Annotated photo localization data
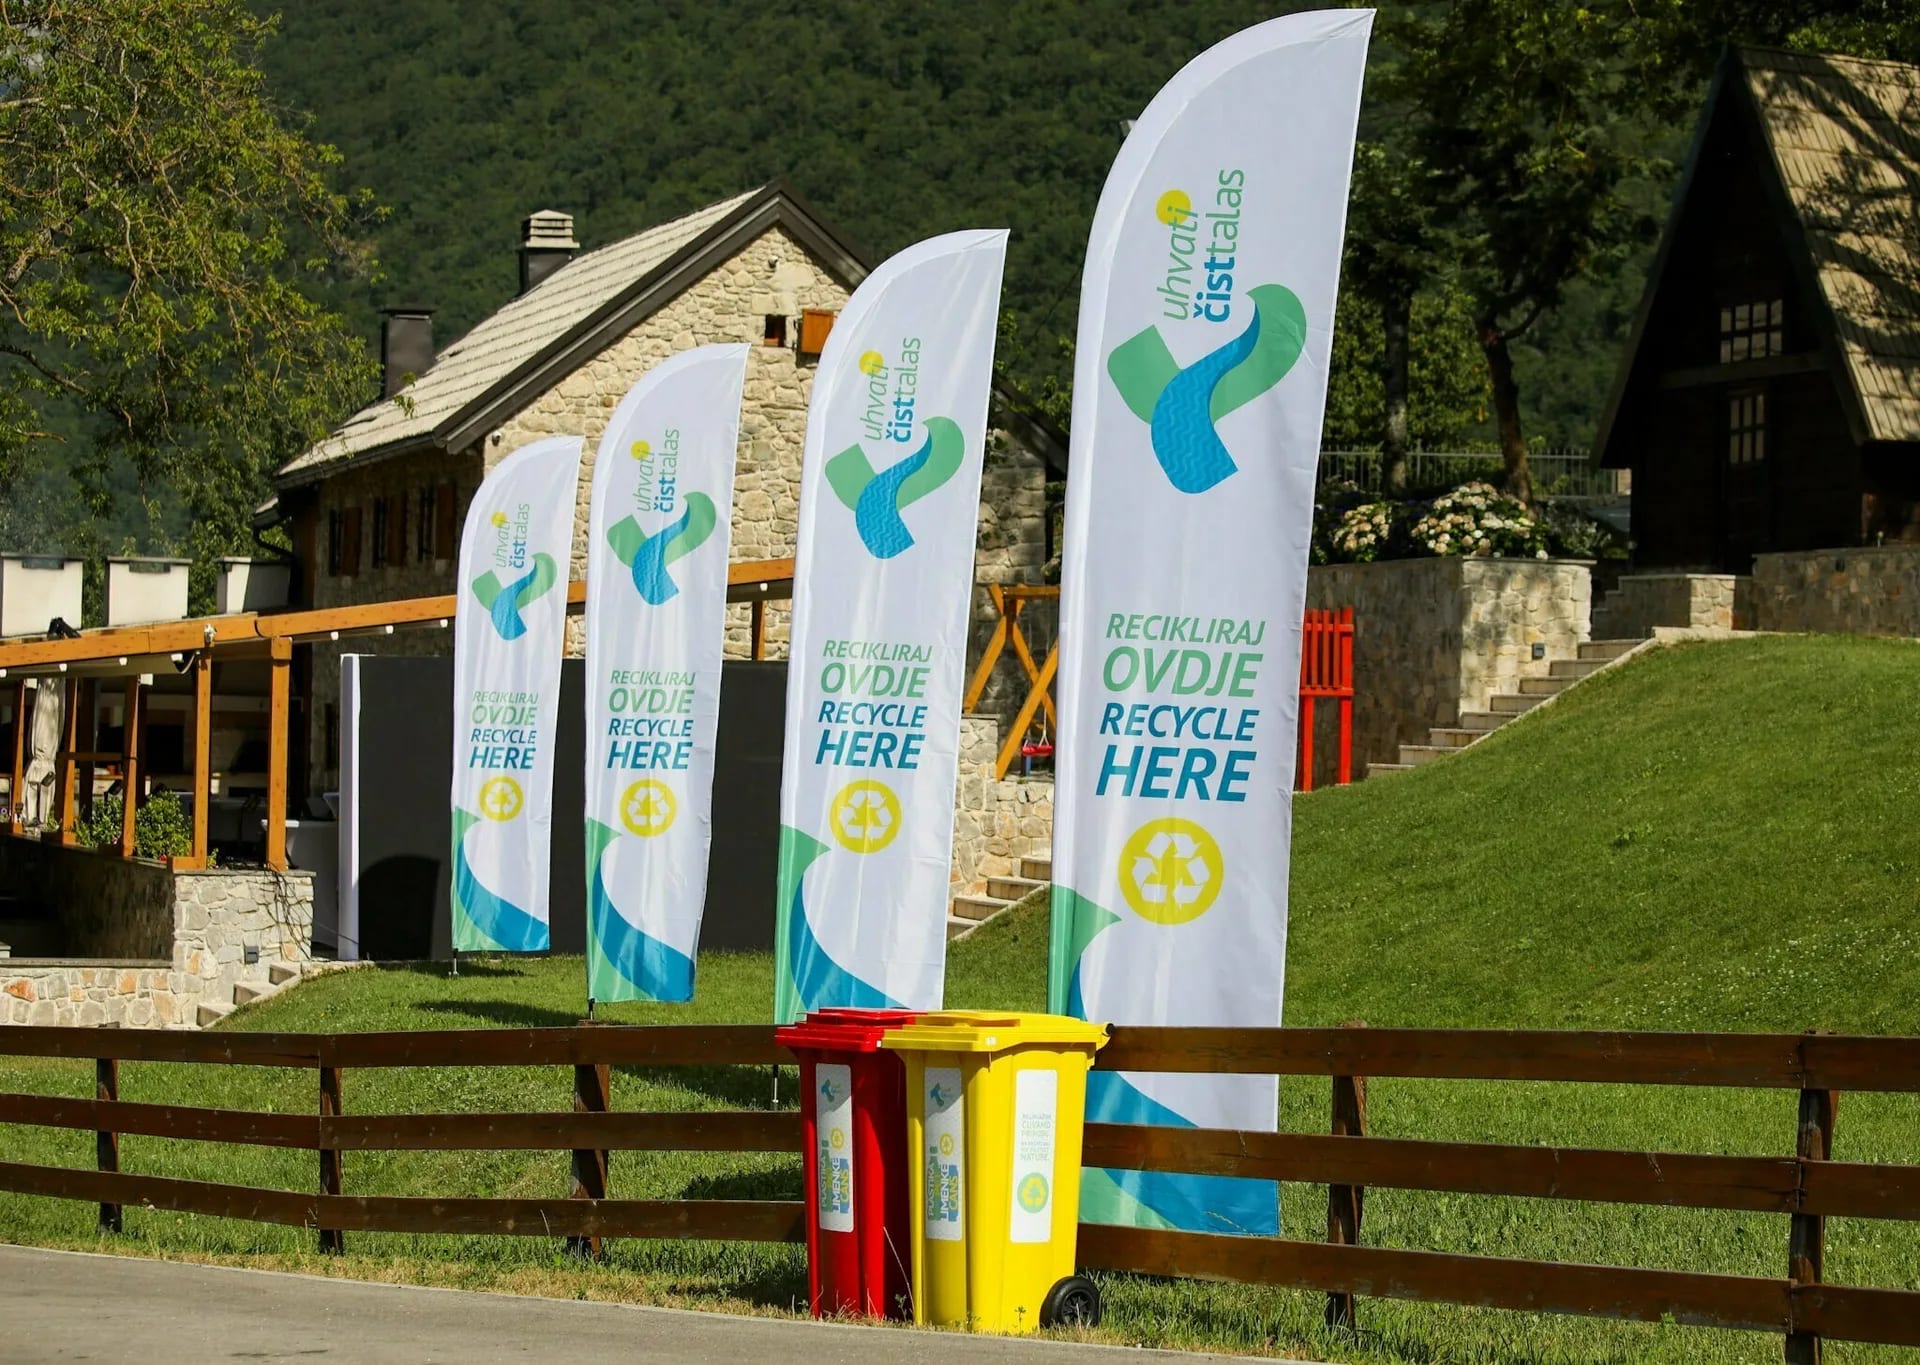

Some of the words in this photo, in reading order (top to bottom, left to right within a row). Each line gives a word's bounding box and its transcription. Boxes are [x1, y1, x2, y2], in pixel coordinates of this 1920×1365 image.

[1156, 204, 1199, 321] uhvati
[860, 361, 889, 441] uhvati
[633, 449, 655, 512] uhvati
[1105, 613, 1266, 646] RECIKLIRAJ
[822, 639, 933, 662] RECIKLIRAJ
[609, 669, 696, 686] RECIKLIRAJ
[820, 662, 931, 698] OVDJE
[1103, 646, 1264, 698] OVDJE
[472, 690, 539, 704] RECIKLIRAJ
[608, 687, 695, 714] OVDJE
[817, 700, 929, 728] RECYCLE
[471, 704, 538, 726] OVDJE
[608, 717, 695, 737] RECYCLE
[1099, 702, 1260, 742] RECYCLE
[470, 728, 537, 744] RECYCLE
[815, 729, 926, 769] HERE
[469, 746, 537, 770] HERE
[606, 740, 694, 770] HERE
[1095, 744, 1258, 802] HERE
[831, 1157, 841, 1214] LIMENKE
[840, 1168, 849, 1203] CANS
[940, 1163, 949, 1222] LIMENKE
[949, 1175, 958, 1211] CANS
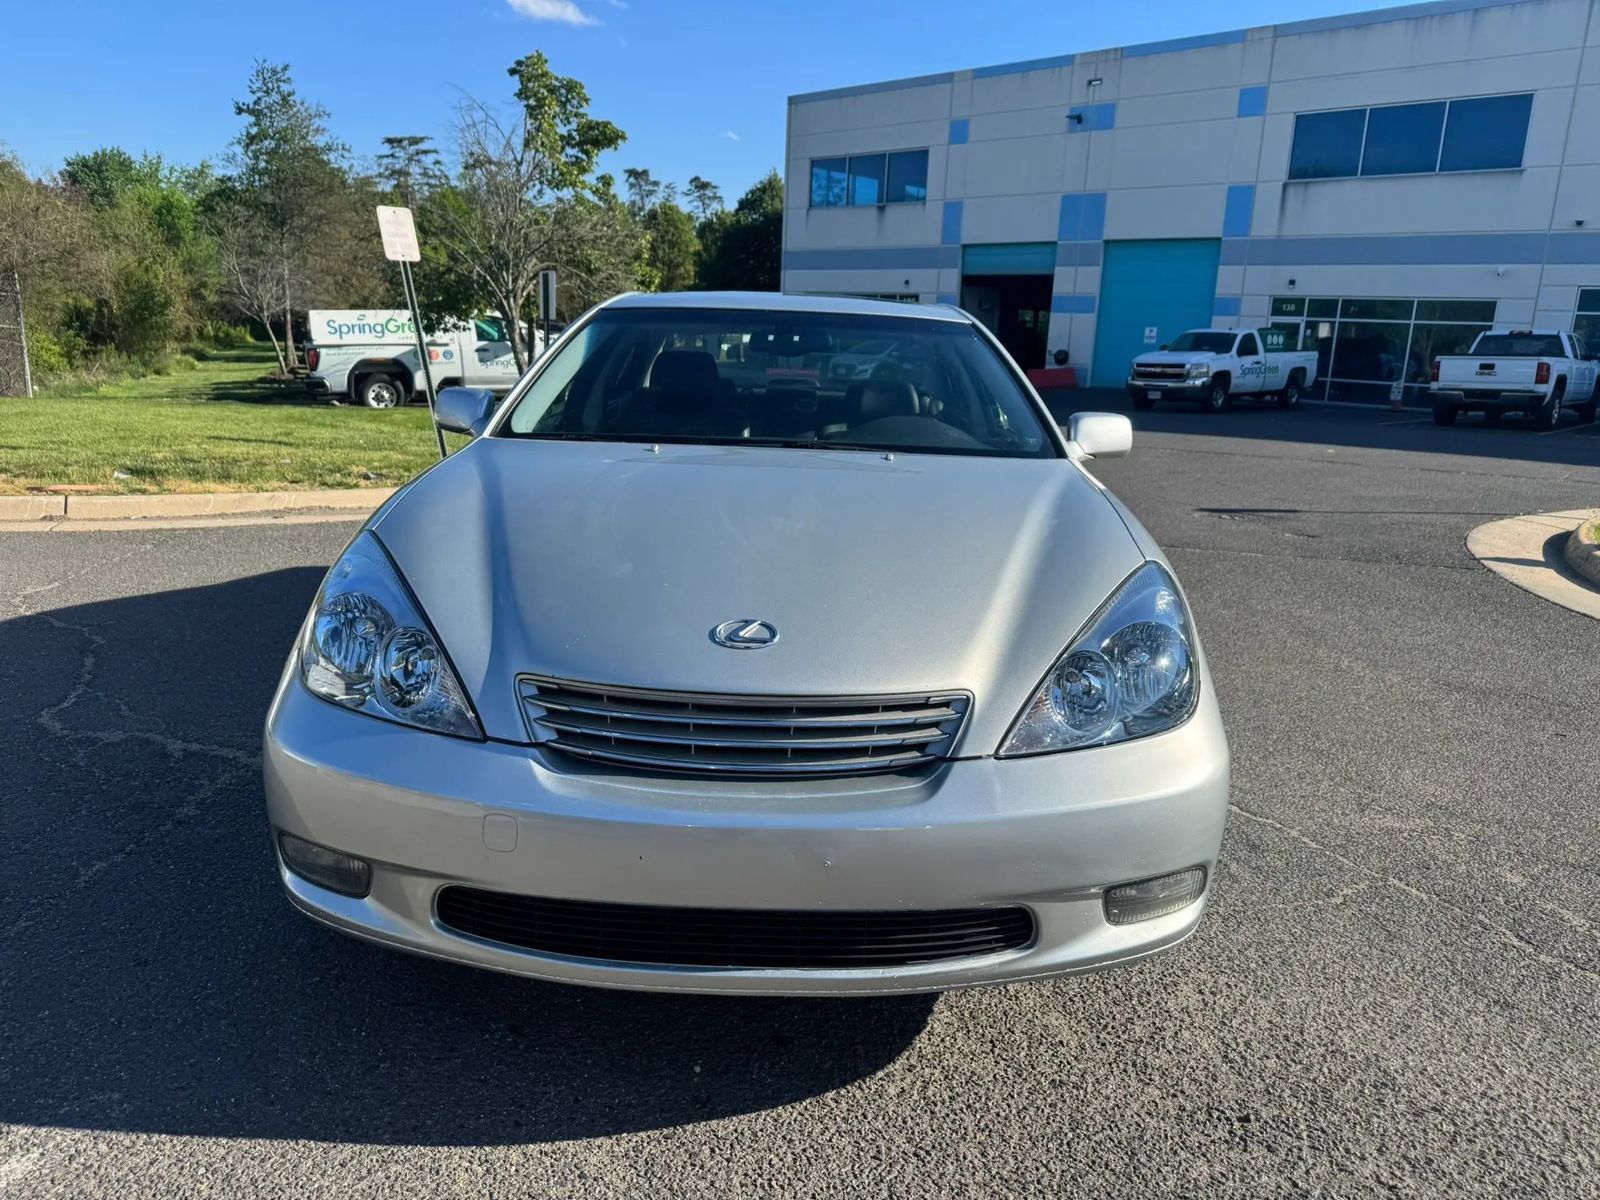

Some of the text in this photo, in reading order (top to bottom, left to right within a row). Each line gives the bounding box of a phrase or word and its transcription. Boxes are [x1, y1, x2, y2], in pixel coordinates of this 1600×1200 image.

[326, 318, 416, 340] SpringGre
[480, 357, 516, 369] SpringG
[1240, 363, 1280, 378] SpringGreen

ABOUT THIS EXERCISE
What the response needs is every entry, repeated exactly, and none of the pictures.

ANSWER TO THE EXERCISE
Some of the words in this photo, in reading order (top to bottom, left to right within a row). Each line gives a word's bounding box and its transcription. Boxes are [x1, y1, x2, y2], in pixel coordinates of this 1920×1365 image.

[1156, 204, 1199, 321] uhvati
[860, 361, 889, 441] uhvati
[633, 449, 655, 512] uhvati
[1105, 613, 1266, 646] RECIKLIRAJ
[822, 639, 933, 662] RECIKLIRAJ
[609, 669, 696, 686] RECIKLIRAJ
[820, 662, 931, 698] OVDJE
[1103, 646, 1264, 698] OVDJE
[472, 690, 539, 704] RECIKLIRAJ
[608, 687, 695, 714] OVDJE
[817, 700, 929, 728] RECYCLE
[471, 704, 538, 726] OVDJE
[608, 717, 695, 737] RECYCLE
[1099, 702, 1260, 742] RECYCLE
[470, 728, 537, 744] RECYCLE
[815, 729, 926, 769] HERE
[469, 746, 537, 770] HERE
[606, 740, 694, 770] HERE
[1095, 744, 1258, 802] HERE
[831, 1157, 841, 1214] LIMENKE
[840, 1168, 849, 1203] CANS
[940, 1163, 949, 1222] LIMENKE
[949, 1175, 958, 1211] CANS

Some of the text in this photo, in reading order (top to bottom, left to right within a row). Each line gives the bounding box of a phrase or word and its transcription. Boxes are [x1, y1, x2, y2], in pixel coordinates of this 1600×1200 image.

[326, 318, 416, 340] SpringGre
[480, 357, 516, 369] SpringG
[1240, 363, 1280, 378] SpringGreen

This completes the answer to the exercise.